Work to be completed >> Pictures should not appear in the copy; the records themselves must be written out exactly.
☆ ☆ ☆
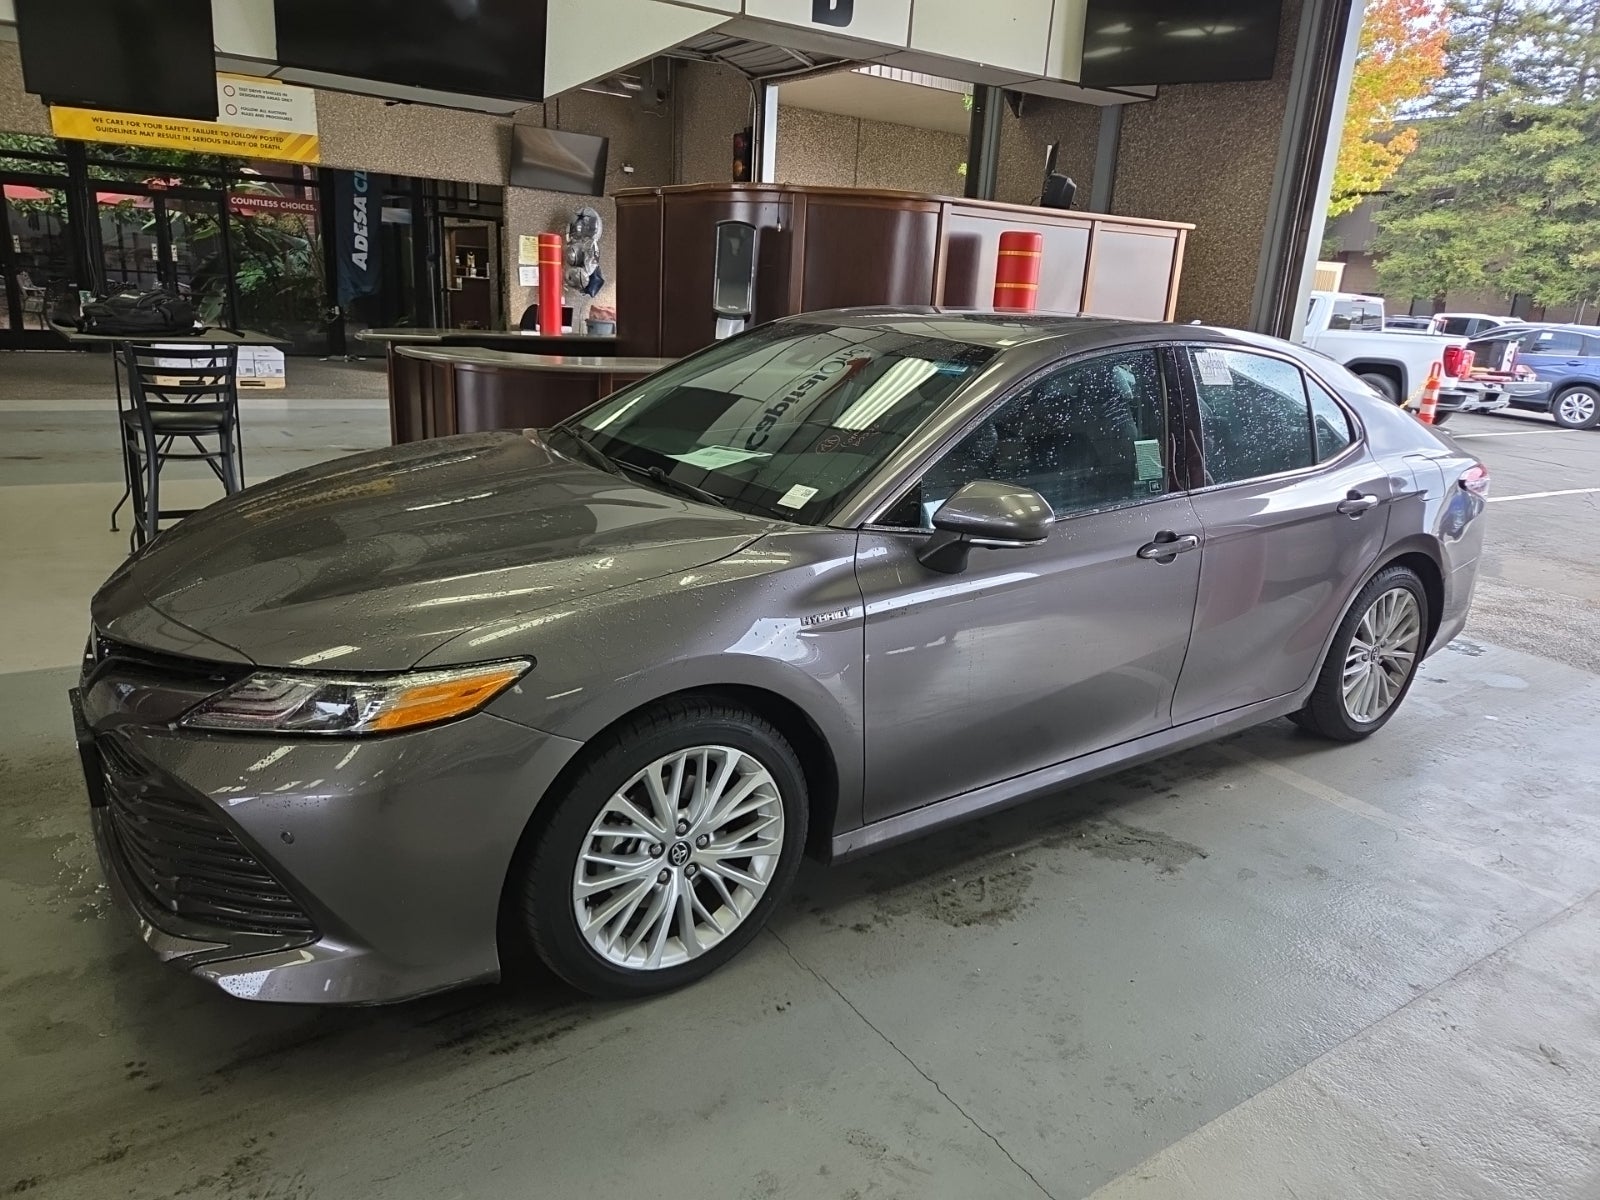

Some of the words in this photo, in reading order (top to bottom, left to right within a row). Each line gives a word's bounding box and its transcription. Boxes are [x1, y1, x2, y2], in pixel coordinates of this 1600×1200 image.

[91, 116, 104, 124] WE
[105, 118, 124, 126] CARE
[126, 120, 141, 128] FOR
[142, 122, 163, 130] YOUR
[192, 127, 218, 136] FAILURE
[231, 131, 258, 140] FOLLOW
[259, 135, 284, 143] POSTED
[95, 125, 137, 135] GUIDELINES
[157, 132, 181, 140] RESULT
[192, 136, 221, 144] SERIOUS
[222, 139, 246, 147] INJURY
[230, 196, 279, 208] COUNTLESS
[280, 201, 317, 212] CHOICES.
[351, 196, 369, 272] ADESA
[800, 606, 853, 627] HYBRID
☆ ☆ ☆
Response for this exercise >>
Some of the words in this photo, in reading order (top to bottom, left to right within a row). Each line gives a word's bounding box and its transcription. Boxes are [x1, y1, x2, y2], in pixel coordinates of this 1600×1200 image.

[91, 116, 104, 124] WE
[105, 118, 124, 126] CARE
[126, 120, 141, 128] FOR
[142, 122, 163, 130] YOUR
[192, 127, 218, 136] FAILURE
[231, 131, 258, 140] FOLLOW
[259, 135, 284, 143] POSTED
[95, 125, 137, 135] GUIDELINES
[157, 132, 181, 140] RESULT
[192, 136, 221, 144] SERIOUS
[222, 139, 246, 147] INJURY
[230, 196, 279, 208] COUNTLESS
[280, 201, 317, 212] CHOICES.
[351, 196, 369, 272] ADESA
[800, 606, 853, 627] HYBRID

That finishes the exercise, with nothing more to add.